Who Makes Money On Credit Card Interchange Fees?
You’re probably already well aware that you, the merchant, are usually going to be the one paying the costs for letting your customers pay with credit or debit cards (unless, of course, you implement a surcharging program — more on that later). But where does the money go? Merchants often mistakenly believe that the credit card interchange fees they have to pay will go to their merchant account provider, but that’s only partially correct. While your provider collects the interchange fees from you, it doesn’t get to keep them. Interchange fees are ultimately paid to the bank or other business entity that issued the customer’s card. For each transaction, there will also be a small network fee that goes to the credit card association as well as your provider’s markup.
Interchange Fees Paid To Issuing Banks
Visa and Mastercard both publish their own interchange fee schedules that cover every possible type of transaction you could encounter. Discover and American Express also have their own interchange fee schedules. The main difference here is that Discover and American Express function as both the issuing banks and the sponsoring credit card associations. On the other hand, Visa and Mastercard merely slap their logo on cards that are actually issued by a bank.
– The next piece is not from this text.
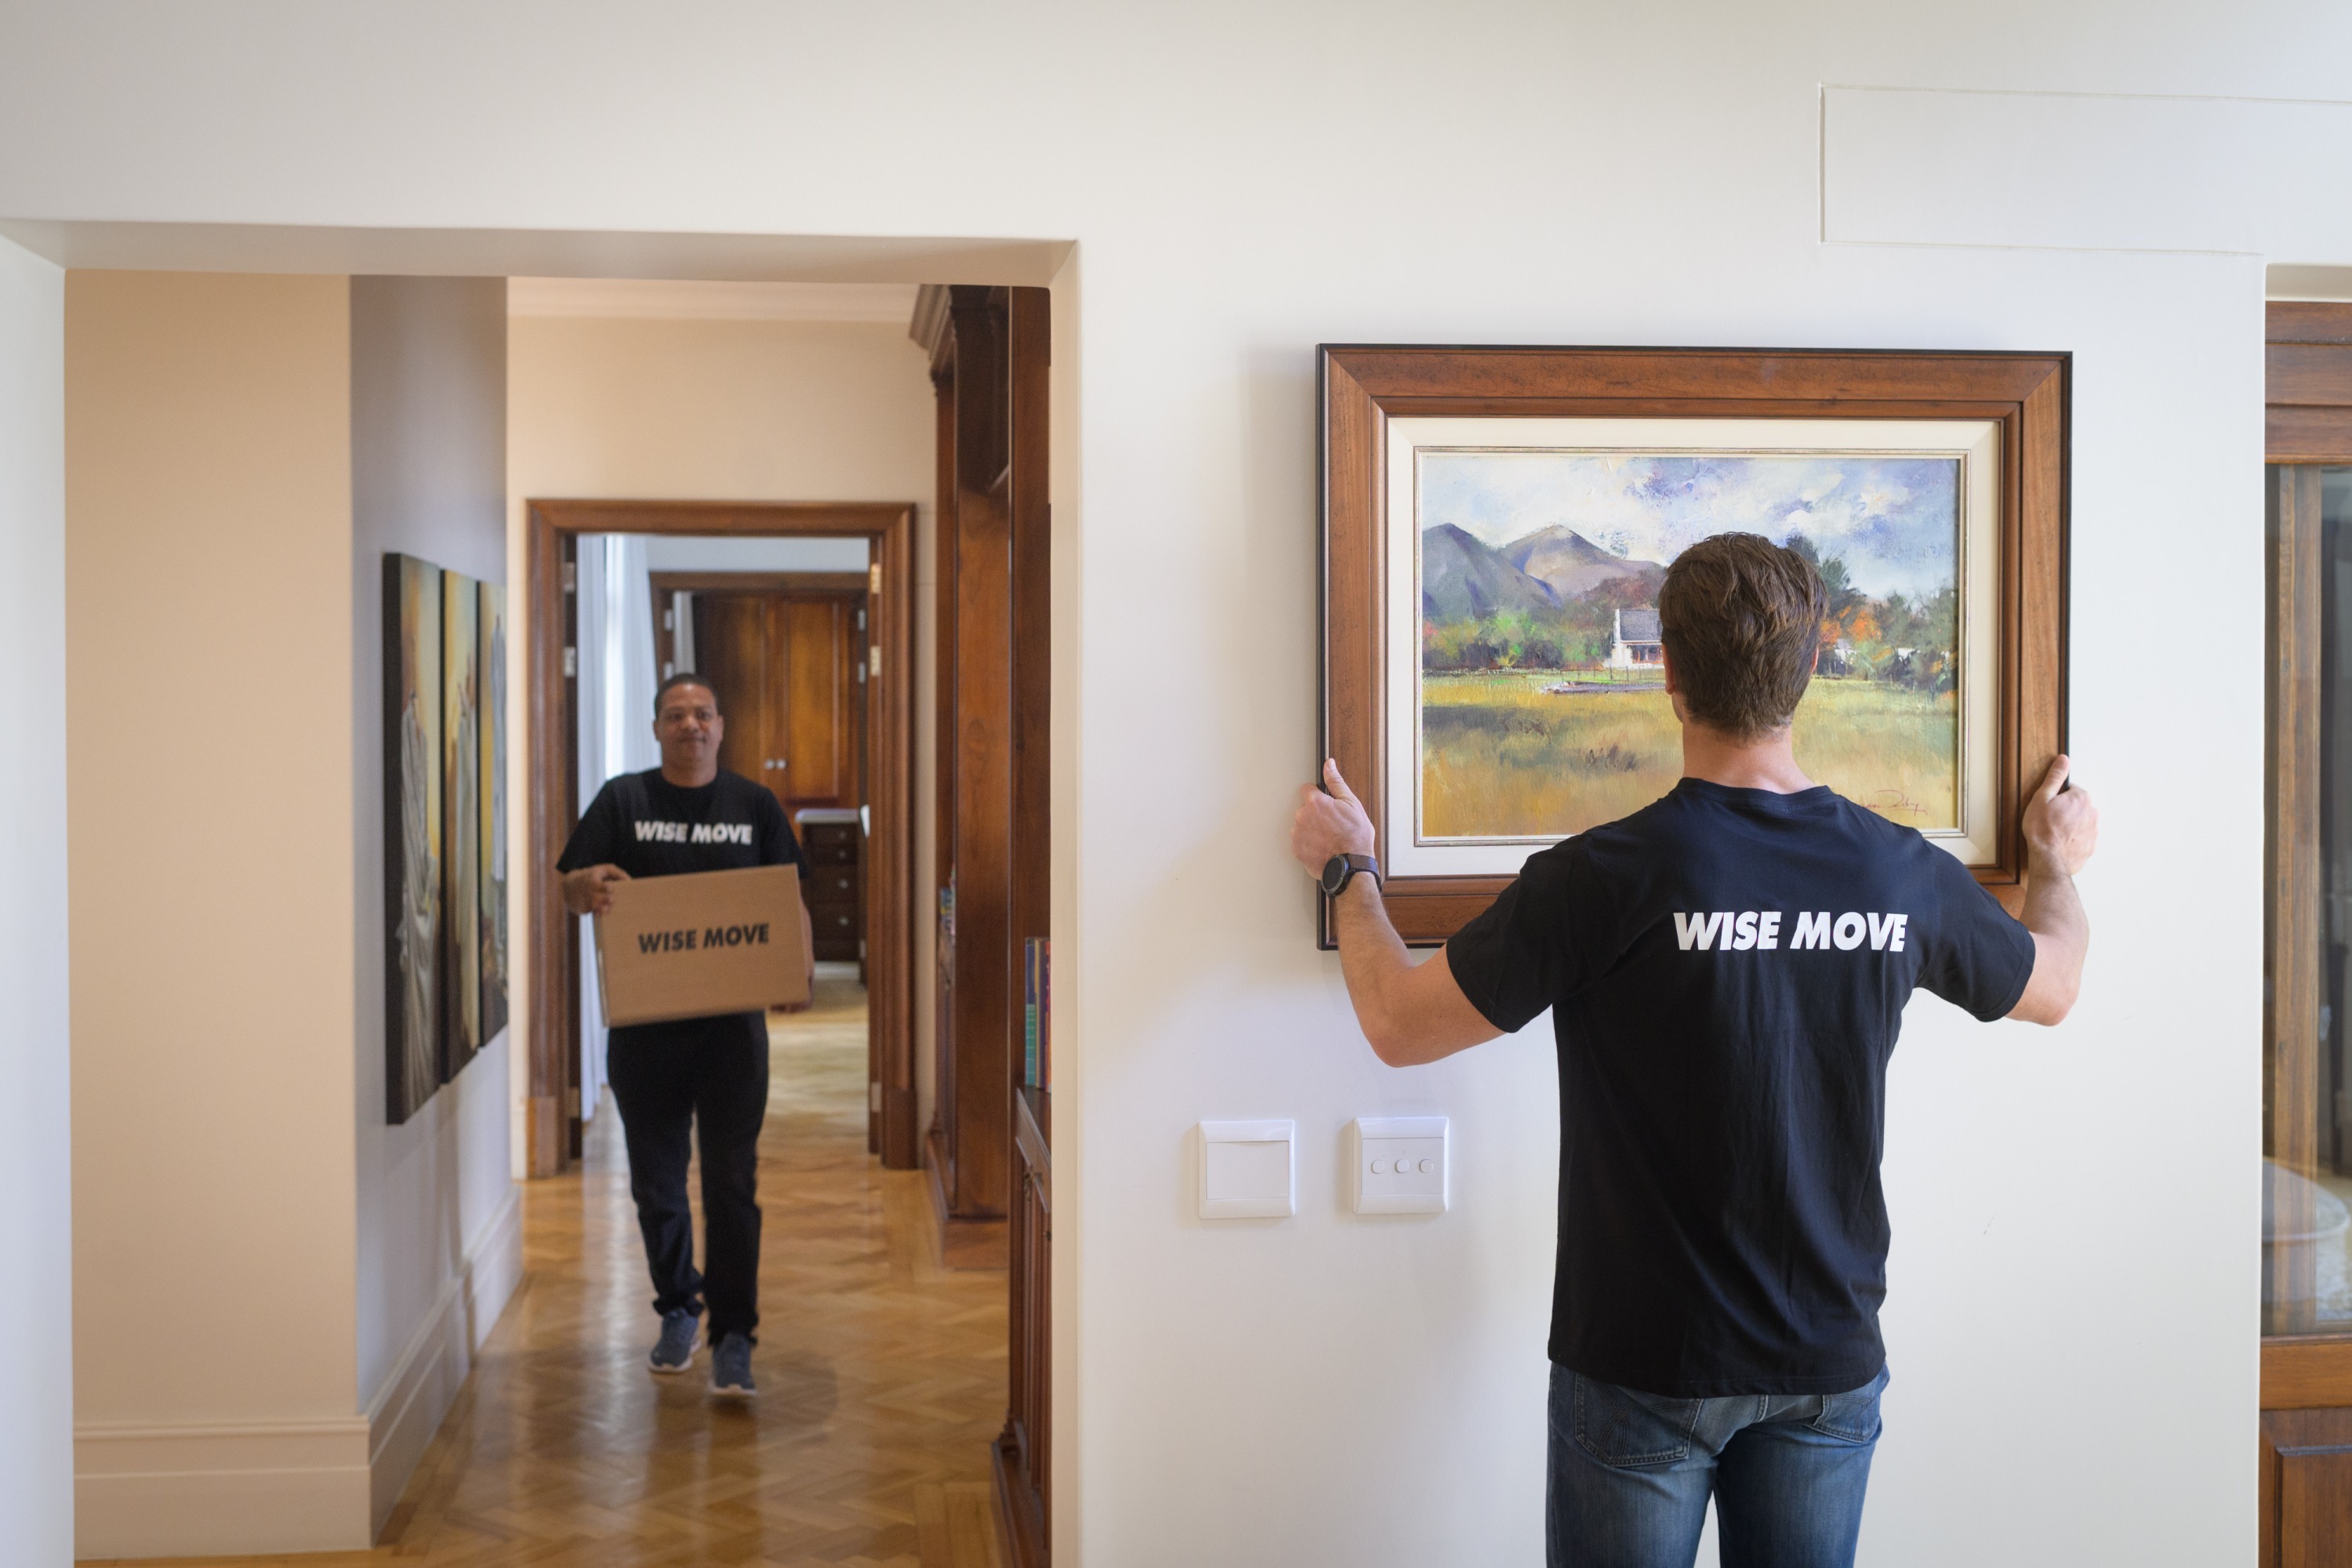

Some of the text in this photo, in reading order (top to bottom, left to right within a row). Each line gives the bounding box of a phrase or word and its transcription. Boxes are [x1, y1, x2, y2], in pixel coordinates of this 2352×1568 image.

[634, 821, 753, 845] WISE MOVE
[638, 924, 769, 954] WISE MOVE
[1673, 911, 1908, 952] WISE MOVE
The issuing bank is the entity that’s advancing credit to consumers and taking on the risk associated with doing so. They end up collecting almost all of the interchange fees charged on a transaction.
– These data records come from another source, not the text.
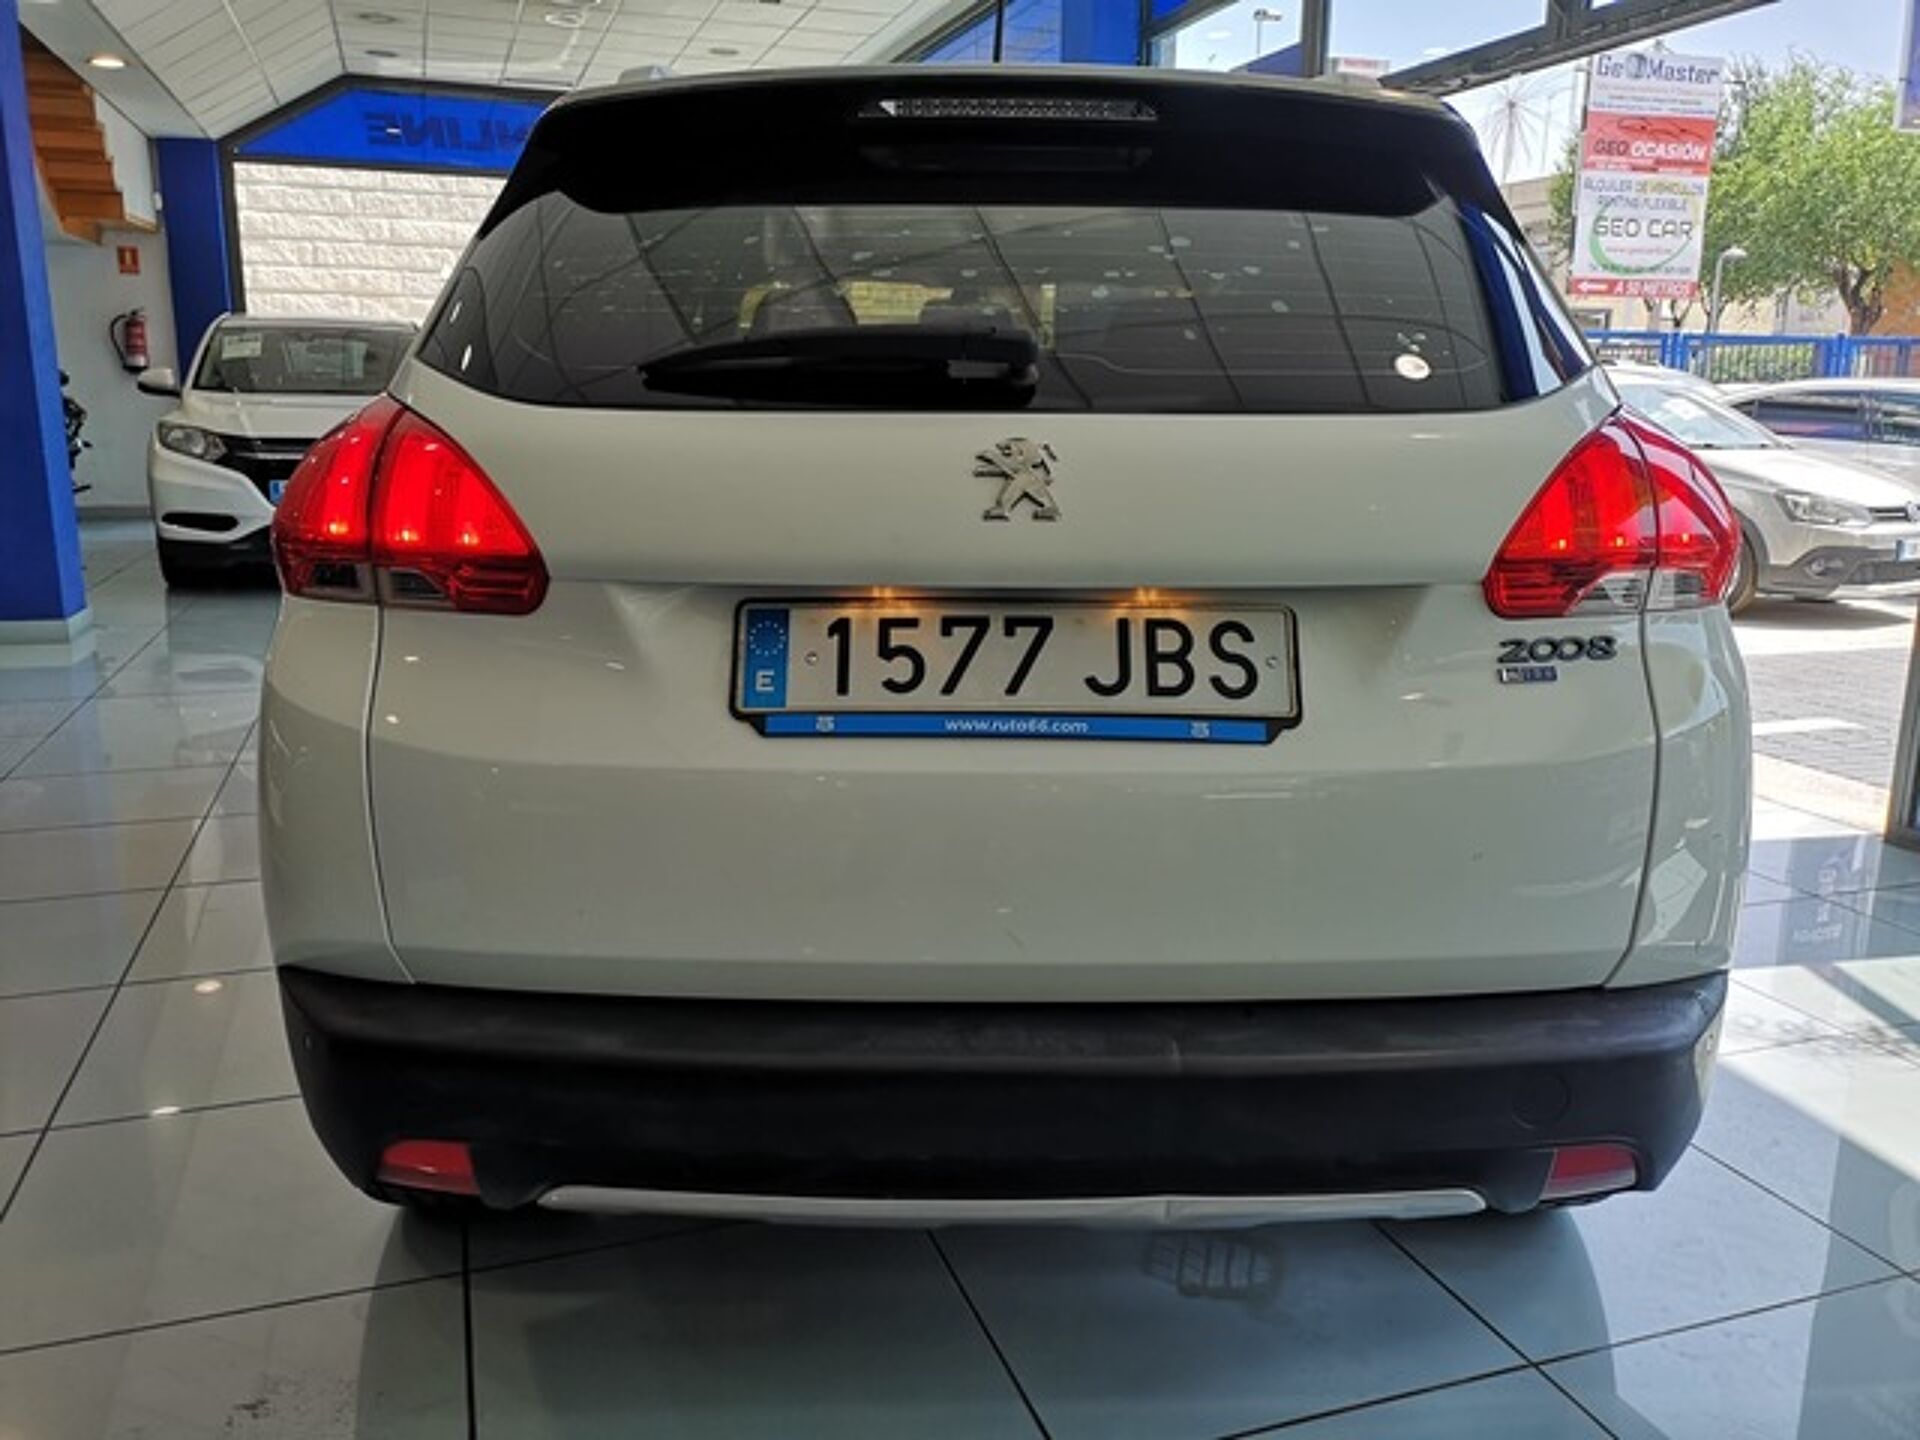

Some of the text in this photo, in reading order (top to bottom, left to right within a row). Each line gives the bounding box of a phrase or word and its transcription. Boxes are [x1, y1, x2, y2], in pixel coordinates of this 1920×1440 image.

[1593, 139, 1706, 160] GEO OCASIÓN
[1593, 217, 1693, 240] GEO CAR
[1614, 281, 1624, 294] A
[827, 616, 1258, 700] 1577 JBS
[1497, 635, 1617, 663] 2008
[756, 670, 775, 692] E
Now, you might think that the card-issuing banks make most of their money from collecting late payment fees and charging interest to consumers who have let their credit card debt pile up over time. Although this is certainly a lucrative source of income (and consumer credit card debt is a huge national problem), the fact is that interchange fees account for most of a bank’s profits when its credit cards are used, even when the cards are used by responsible consumers who pay their full credit card balance on time, every month.
Interchange Fees Paid To Credit Card Networks
Visa and Mastercard do not serve as issuing banks, as mentioned above. But they do charge a separate network fee for each transaction, which also comes out of your total cost for processing. Network fees are very small (typically around 0.05% per transaction), and they aren’t considered part of the interchange. For example, the network fee on a hypothetical $100 transaction would only be $0.05. While this doesn’t sound like very much money, remember that billions of Visa and Mastercard transactions are processed around the world every year. Those small fees add up quickly. In 2019, Mastercard alone racked up a little over $8.1 billion in net revenue.
Here’s the important thing that you, the merchant, need to understand: Although you’ll have to pay the interchange on every credit/debit card transaction, it’s only part of your total cost for processing. Your merchant services provider needs to get their cut, too. However, the interchange is usually the largest single expense in processing a transaction. Depending on your processing rate plan, roughly 70% to 90% of the transaction processing costs go to paying the interchange reimbursement fees. Your processor and the credit card association get the remaining 10% to 30%.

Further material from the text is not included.